简体   繁体   English

R:用不同的颜色映射正负数

[英]R: Mapping positive and negative numbers with different colors

I'm a journalist working to map the counties where the number of black farmers increased or decreased between 2002 and 2012. I am using R (3.2.3) to process and map the data. 我是一名记者,负责绘制2002年至2012年间黑人农民人数增加或减少的县的地图。我使用R(3.2.3)处理和绘制数据。

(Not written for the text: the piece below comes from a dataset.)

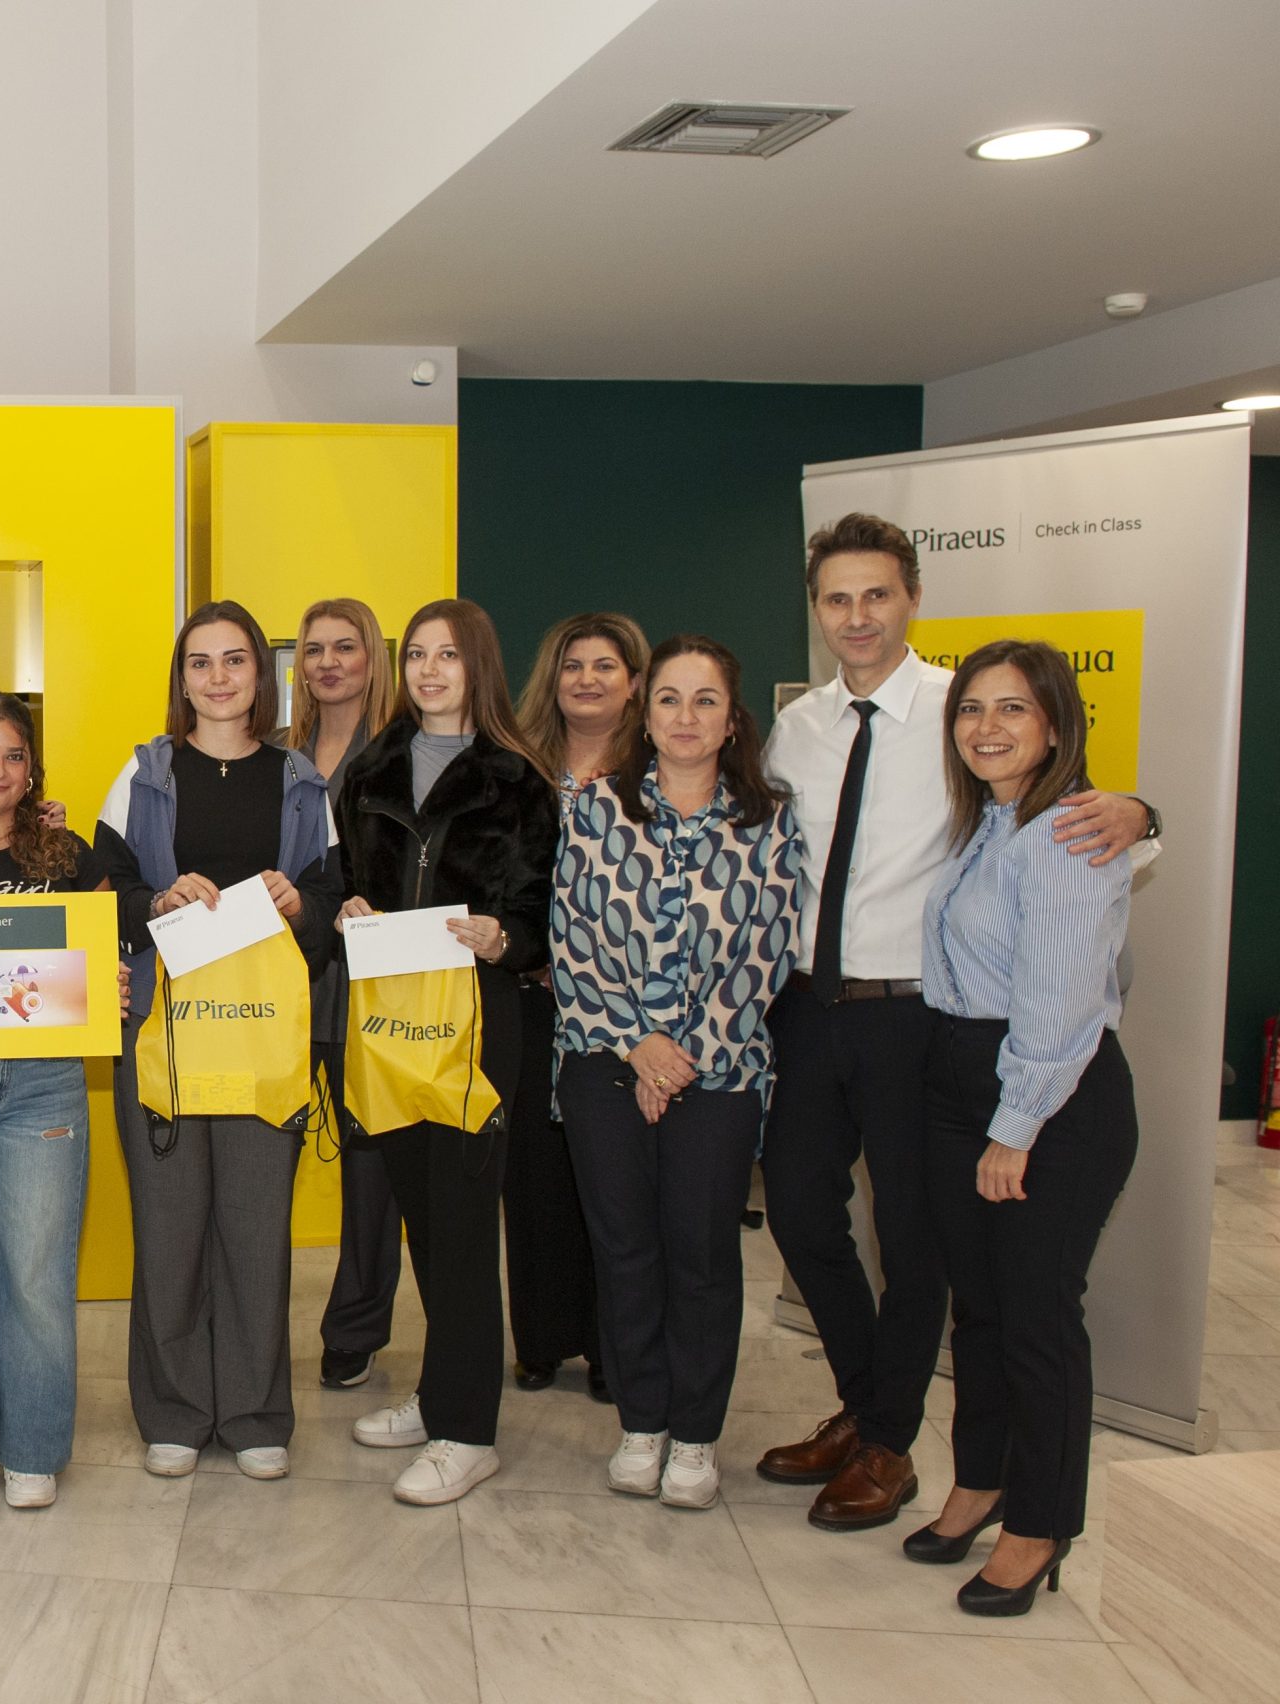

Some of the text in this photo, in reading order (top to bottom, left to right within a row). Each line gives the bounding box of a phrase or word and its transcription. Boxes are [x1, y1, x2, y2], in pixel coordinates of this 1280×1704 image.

[1035, 517, 1142, 538] Check in Class
[911, 527, 1005, 552] Piraeus
[195, 999, 275, 1020] Piraeus
[388, 1019, 456, 1041] Piraeus

I've been able to map the whole range of county-level gains and losses—which goes from negative 40 to positive 165—in a single color, but this makes it hard to see the pattern of gains and losses. 我已经能够用一种颜色绘制整个县级损益的范围(从负40到正165),但这很难看到损益的模式。 What I'd like to do is make the losses all variations of a single color (say, blue), and render gains in variations of a second color (say, red). 我想做的是使单一颜色(例如蓝色)的所有变化都损失,而在第二种颜色(例如红色)的变化中获得收益。

The following code generates two separate (very simplified) maps for counties that saw positive and negative changes. 以下代码为看到正面和负面变化的县生成两个单独的地图(非常简化)。 Anyone know how to capture this information in two colors on a single map? 有人知道如何在一张地图上以两种颜色捕获此信息吗? Ideally, counties with a "Difference" value of 0 would appear in grey. 理想情况下,“差异”值为0的县将以灰色显示。 Thanks for looking at this! 感谢您的关注!

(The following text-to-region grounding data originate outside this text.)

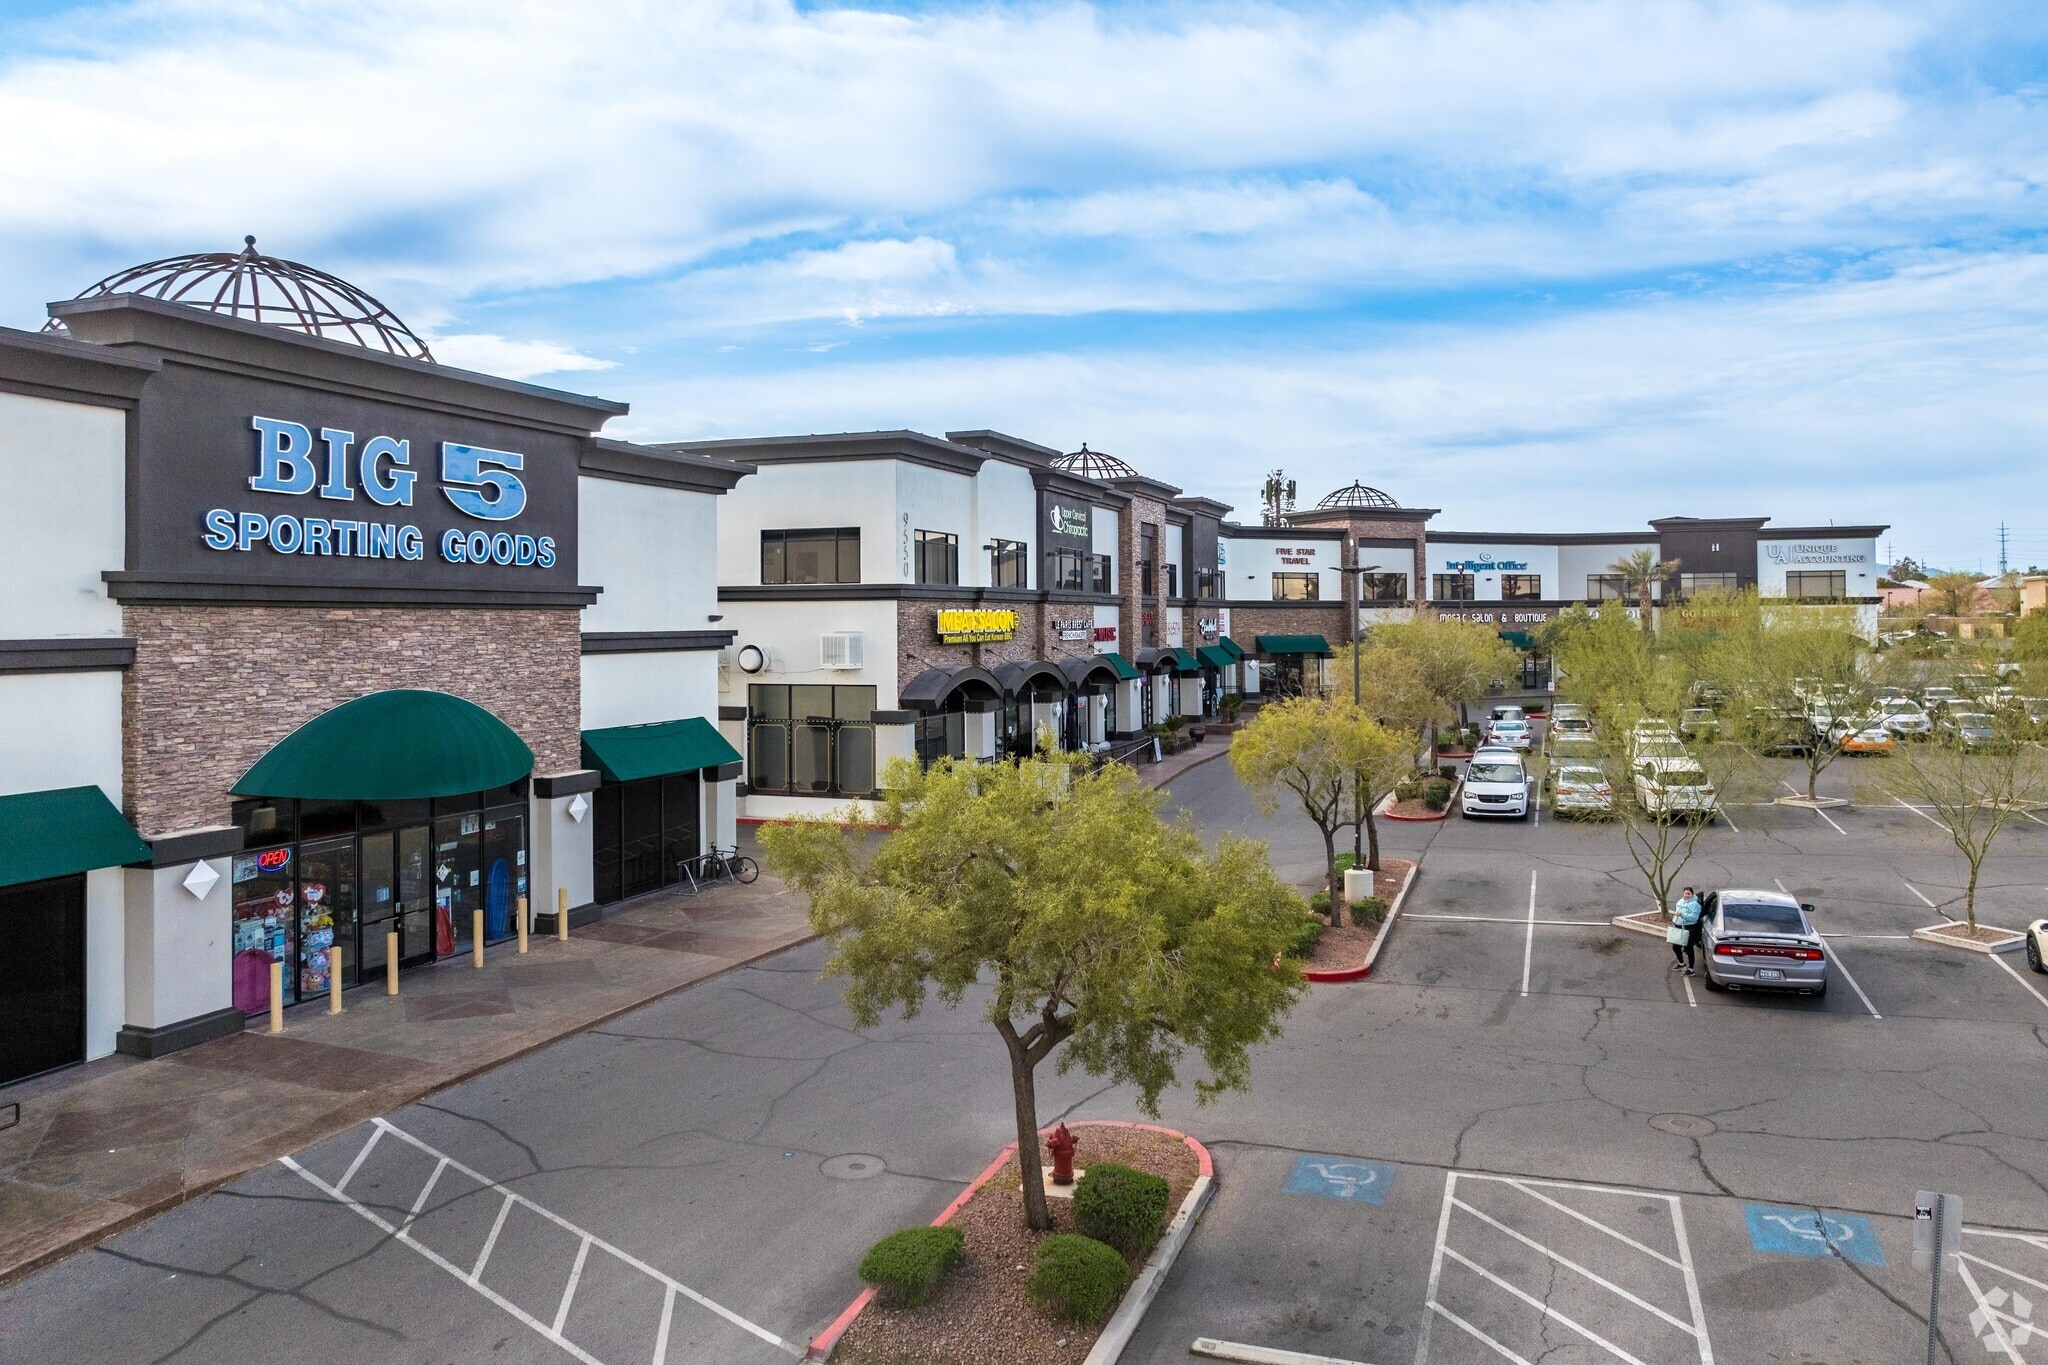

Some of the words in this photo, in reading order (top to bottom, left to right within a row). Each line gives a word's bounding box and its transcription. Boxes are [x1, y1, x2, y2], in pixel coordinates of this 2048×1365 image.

[250, 415, 418, 507] BIG
[440, 441, 527, 521] 5
[1062, 507, 1072, 520] Upper
[1072, 510, 1087, 522] Cervical
[1063, 520, 1089, 538] Chiropractic
[203, 508, 424, 561] SPORTING
[441, 528, 557, 568] GOODS
[1275, 547, 1293, 556] FIVE
[1296, 548, 1316, 556] STAR
[1794, 544, 1837, 554] UNIQUE
[1281, 557, 1311, 565] TRAVEL
[1794, 555, 1866, 564] ACCOUNTING
[1446, 560, 1496, 573] Intlligent
[1497, 560, 1526, 571] Office
[1501, 613, 1508, 623] &
[1514, 613, 1547, 623] BOUTIQUE
[944, 634, 962, 643] Premium
[991, 633, 1004, 641] Korean
[1004, 632, 1013, 640] BBQ
[259, 850, 288, 867] OPEN

  df <- data.frame(GEOID = c("45001", "22001", "51001", "21001", "45003"), 
                        Difference = c(-10, -40, 150, 95, 20))

#Second part: built a shapefile and join.
counties <- readOGR(dsn="Shapefile", layer="cb_2015_us_county_5m")

#Join the data about farmers to the spatial data. 
counties@data <- left_join(counties@data, df)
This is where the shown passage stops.